[RAW DATA Boundary: Start]
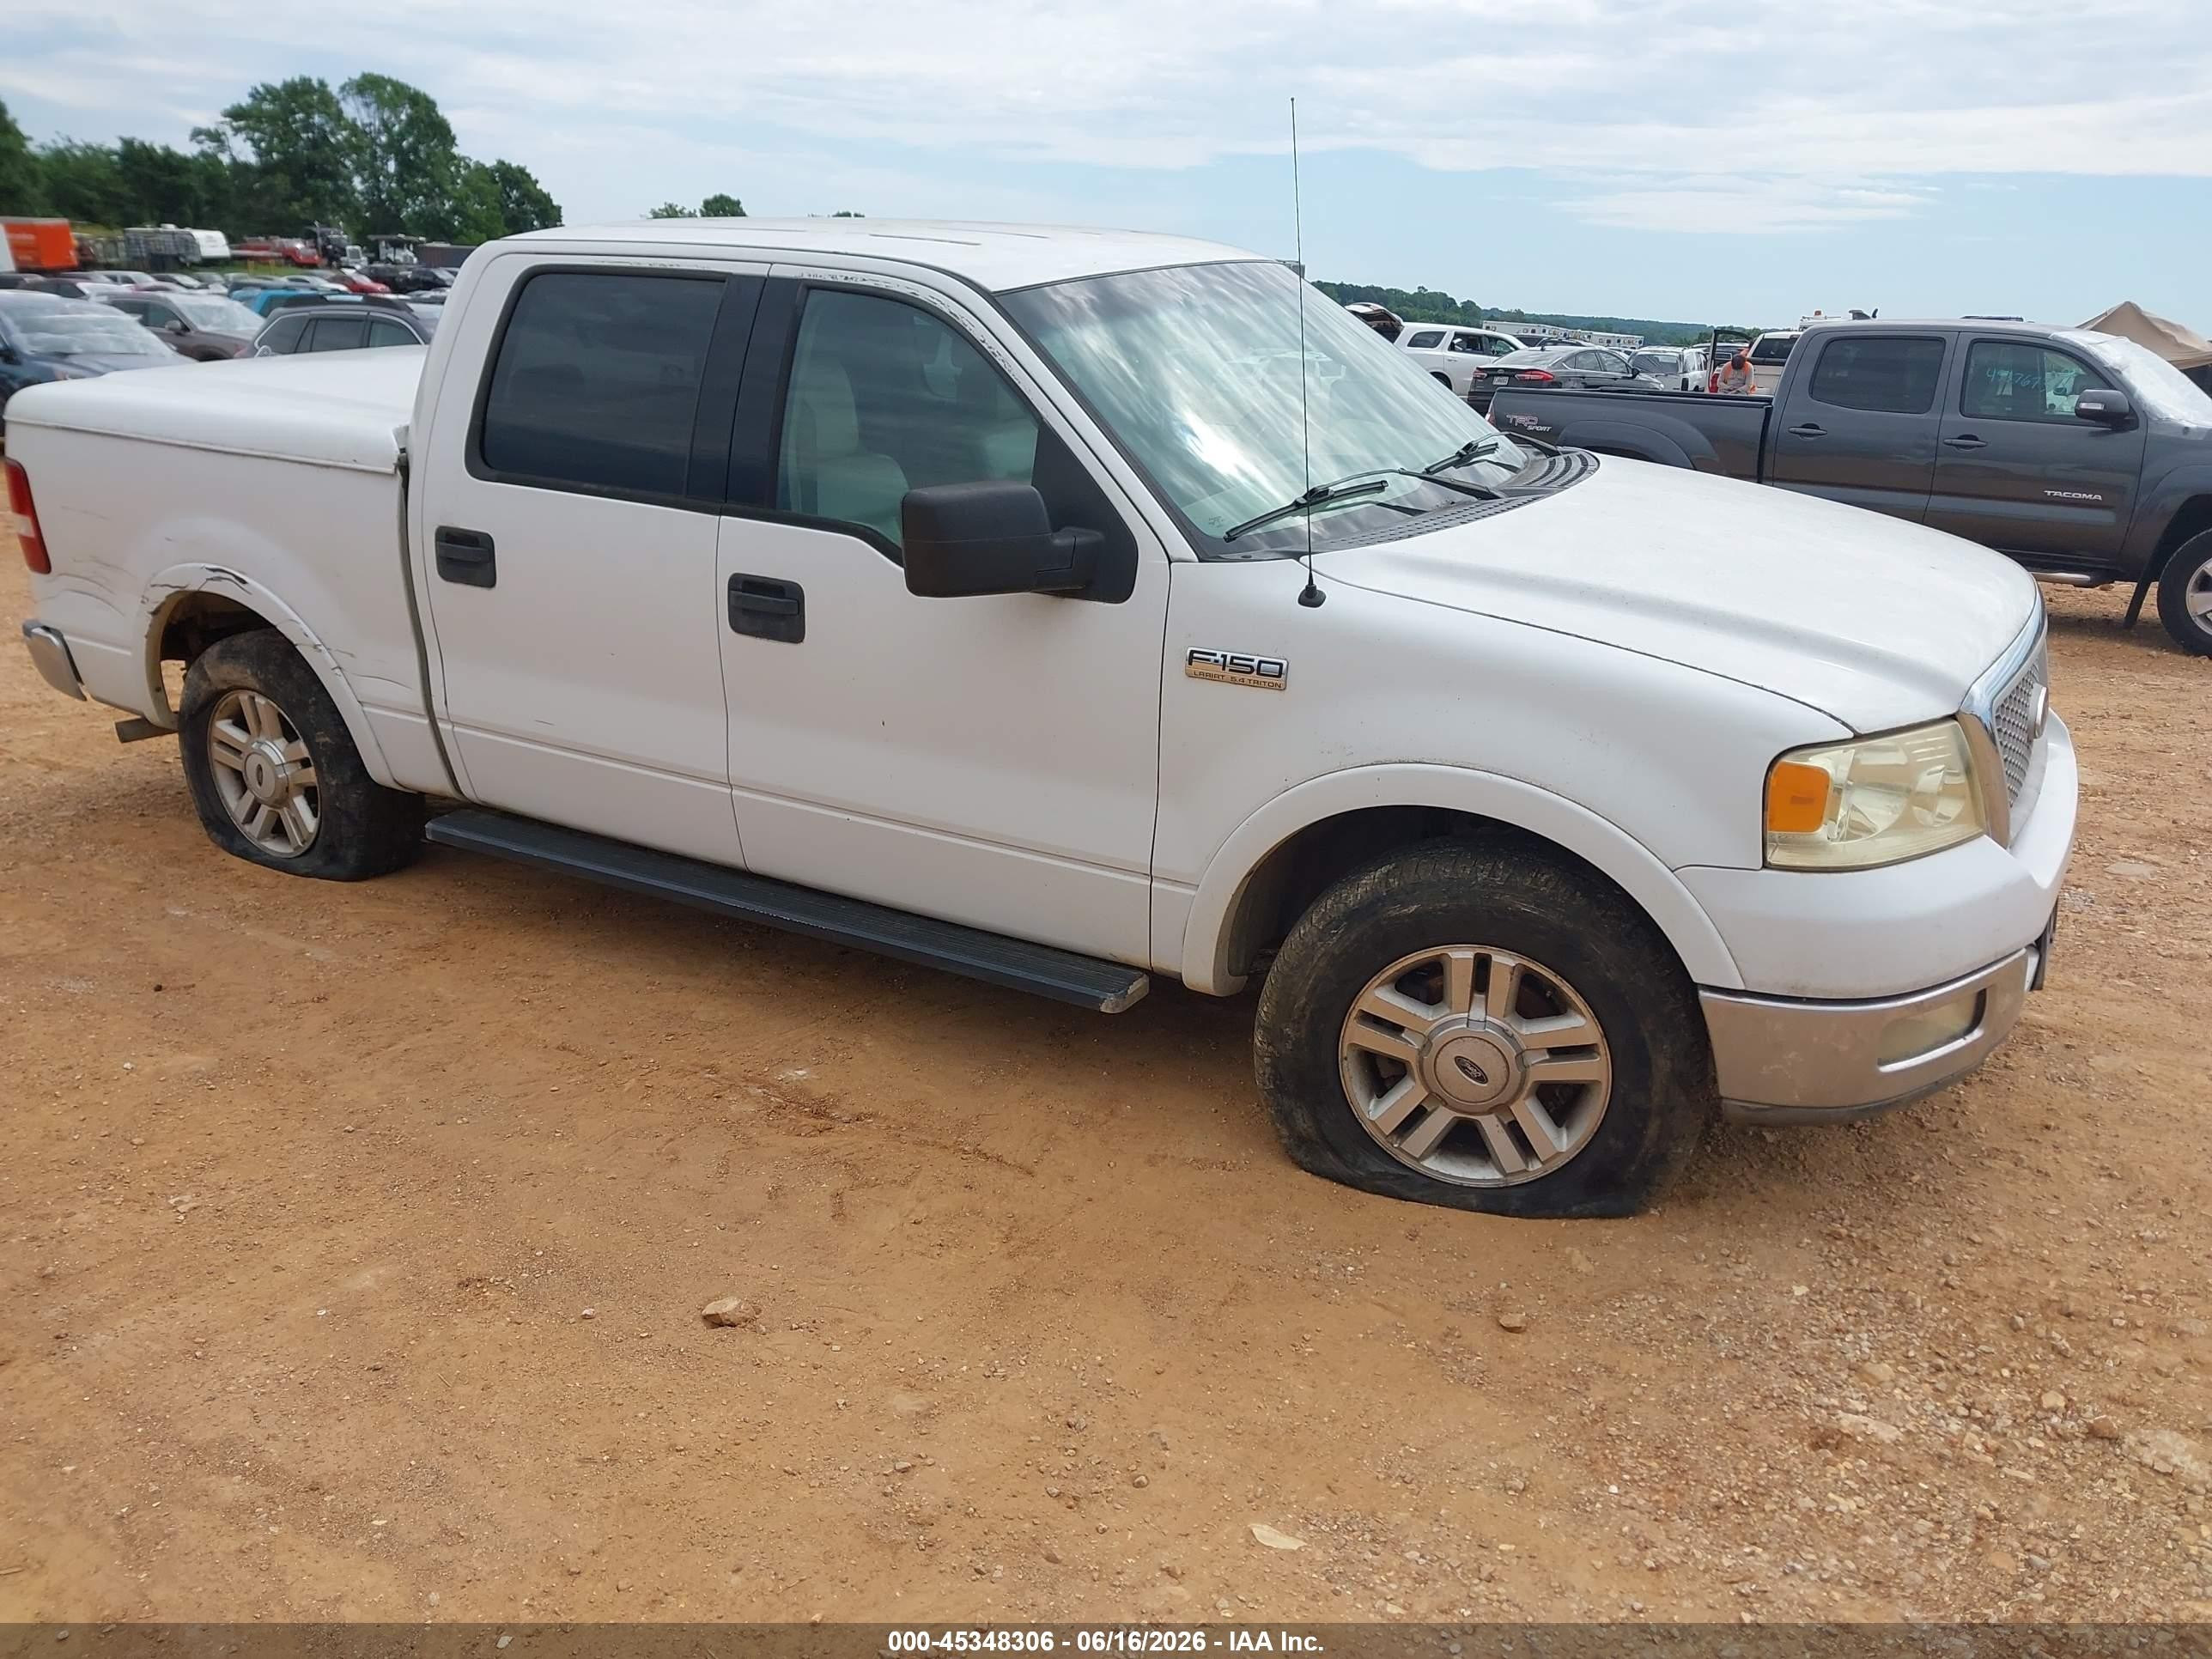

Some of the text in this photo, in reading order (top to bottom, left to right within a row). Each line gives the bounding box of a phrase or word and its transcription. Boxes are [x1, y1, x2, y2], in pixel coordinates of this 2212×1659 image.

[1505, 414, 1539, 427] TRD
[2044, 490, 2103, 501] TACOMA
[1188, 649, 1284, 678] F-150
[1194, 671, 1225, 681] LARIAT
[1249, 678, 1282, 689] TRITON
[RAW DATA Boundary: End]
Each line of the listing must be restated word for word, and the pictures left out.

Some of the text in this photo, in reading order (top to bottom, left to right within a row). Each line gives the bounding box of a phrase or word and its transcription. Boxes are [x1, y1, x2, y2], in pixel coordinates of this 2212×1659 image.

[1505, 414, 1539, 427] TRD
[2044, 490, 2103, 501] TACOMA
[1188, 649, 1284, 678] F-150
[1194, 671, 1225, 681] LARIAT
[1249, 678, 1282, 689] TRITON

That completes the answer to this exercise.